The single most important leap forward comes with the 50C6KS’s handling of dark scenes. The new HVA panel replaces the milky and inconsistent look of its predecessor with depths of black tone that wouldn’t look out of place on more expensive LCD TVs.
These exemplary black levels are delivered with fantastically little fuss. By which I mean that the picture both retains excellent amounts of shadow detailing even in the darkest corners, and suffers scarcely ever with the sort of sudden brightness jumps or distracting dimming zone ‘handovers’ that crop up on more high end TVs.
Making this backlight control from the 50C6KS’s Mini LED and local dimming system combo all the more striking is the way it’s delivered without the TV’s processing engine feeling the need to dim the intensity of bright highlights when they appear against a dark backdrop in order to reduce haloing – while still avoiding haloing!


Even though tests with Portrait Displays Calman Ultimate software, G1 signal generator and C6 HDR5000 light meter show TCL’s budget hero able to hit brightness peaks of just over 1000 nits – way more than you would ever dream of getting from an affordable TV.
The net result of all this is a level of contrast from the 50C6KS I’ve never seen before at this price level.

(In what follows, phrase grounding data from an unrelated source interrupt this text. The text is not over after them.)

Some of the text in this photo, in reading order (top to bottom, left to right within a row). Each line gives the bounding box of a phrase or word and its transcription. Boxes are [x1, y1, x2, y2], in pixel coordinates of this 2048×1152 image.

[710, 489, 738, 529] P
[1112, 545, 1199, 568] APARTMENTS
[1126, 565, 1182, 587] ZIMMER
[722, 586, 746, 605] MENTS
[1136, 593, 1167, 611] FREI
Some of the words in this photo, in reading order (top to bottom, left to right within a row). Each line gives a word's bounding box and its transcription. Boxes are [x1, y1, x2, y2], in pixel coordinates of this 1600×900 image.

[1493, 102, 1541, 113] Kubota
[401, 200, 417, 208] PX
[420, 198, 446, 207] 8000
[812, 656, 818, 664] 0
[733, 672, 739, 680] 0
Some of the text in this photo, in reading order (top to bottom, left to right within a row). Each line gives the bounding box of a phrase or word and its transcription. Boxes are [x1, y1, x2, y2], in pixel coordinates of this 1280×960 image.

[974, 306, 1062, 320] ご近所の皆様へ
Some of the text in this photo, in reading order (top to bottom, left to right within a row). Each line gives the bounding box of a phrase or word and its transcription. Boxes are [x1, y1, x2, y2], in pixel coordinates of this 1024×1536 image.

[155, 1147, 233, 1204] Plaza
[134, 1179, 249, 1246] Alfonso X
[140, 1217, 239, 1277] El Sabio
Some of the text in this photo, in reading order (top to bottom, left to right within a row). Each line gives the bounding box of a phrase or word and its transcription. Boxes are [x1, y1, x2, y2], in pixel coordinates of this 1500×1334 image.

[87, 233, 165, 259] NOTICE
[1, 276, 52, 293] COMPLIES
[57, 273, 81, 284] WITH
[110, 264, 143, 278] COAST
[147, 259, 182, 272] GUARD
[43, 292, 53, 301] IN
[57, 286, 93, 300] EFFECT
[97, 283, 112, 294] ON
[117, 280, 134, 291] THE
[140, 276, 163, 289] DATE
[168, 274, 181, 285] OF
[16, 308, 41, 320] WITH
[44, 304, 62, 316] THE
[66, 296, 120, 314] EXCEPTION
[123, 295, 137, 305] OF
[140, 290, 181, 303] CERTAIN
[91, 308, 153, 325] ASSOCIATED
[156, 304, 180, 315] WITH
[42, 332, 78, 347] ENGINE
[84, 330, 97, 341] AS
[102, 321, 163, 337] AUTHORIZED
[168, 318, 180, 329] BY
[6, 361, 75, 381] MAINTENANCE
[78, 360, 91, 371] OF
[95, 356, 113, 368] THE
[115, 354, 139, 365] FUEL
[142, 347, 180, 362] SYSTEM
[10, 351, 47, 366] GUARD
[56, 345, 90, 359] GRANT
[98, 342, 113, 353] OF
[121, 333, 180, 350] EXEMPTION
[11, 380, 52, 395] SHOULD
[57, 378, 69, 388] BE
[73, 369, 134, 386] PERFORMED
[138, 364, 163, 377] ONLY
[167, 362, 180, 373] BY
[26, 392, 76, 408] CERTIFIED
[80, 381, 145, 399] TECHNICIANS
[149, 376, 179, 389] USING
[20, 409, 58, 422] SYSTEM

The set’s brightness and contrast feed into an HDR performance the like of which has never been seen at this price point before, either – one which can actually cover the entire light range used by the majority of current HDR content, in fact.
The 50C6KS’s colours thrive on the set’s brightness, too, holding on to full saturations (Calman Ultimate tests show coverage of 93.4% of the DCI-P3 HDR colour gamut) in the brightest shots, rather than starting to look bleached out like many budget TVs do when they try to force their brightness beyond a level their colour systems can cope with.
While the 50C6KS is huge on spectacle for its price, for the most part it doesn’t forget that the subtle things in AV life matter too. So as well as taking care to bring out subtle shading details in dark scenes, it also shows a deft touch with subtle colour blends and tonal shifts, avoiding plasticky skin tones and any sort of flat, cartoonish feel.
The 50C6KS’s colours don’t desaturate badly if you have to watch it from a pretty wide angle, either – another excellent way TCL’s TV scores over so many affordable rivals.
Finally in the positive column, the 50C6KS’s pictures are sharp enough to leave you in no doubt it is a native 4K screen, despite its relatively small size. Motion can look just marginally soft at times, and this isn’t fully fixed by any of the provided motion processing tools. But while this is one of very few noticeable limitations of the 50C6KS, it’s still actually much less aggressive a problem than motion tends to be on budget TVs.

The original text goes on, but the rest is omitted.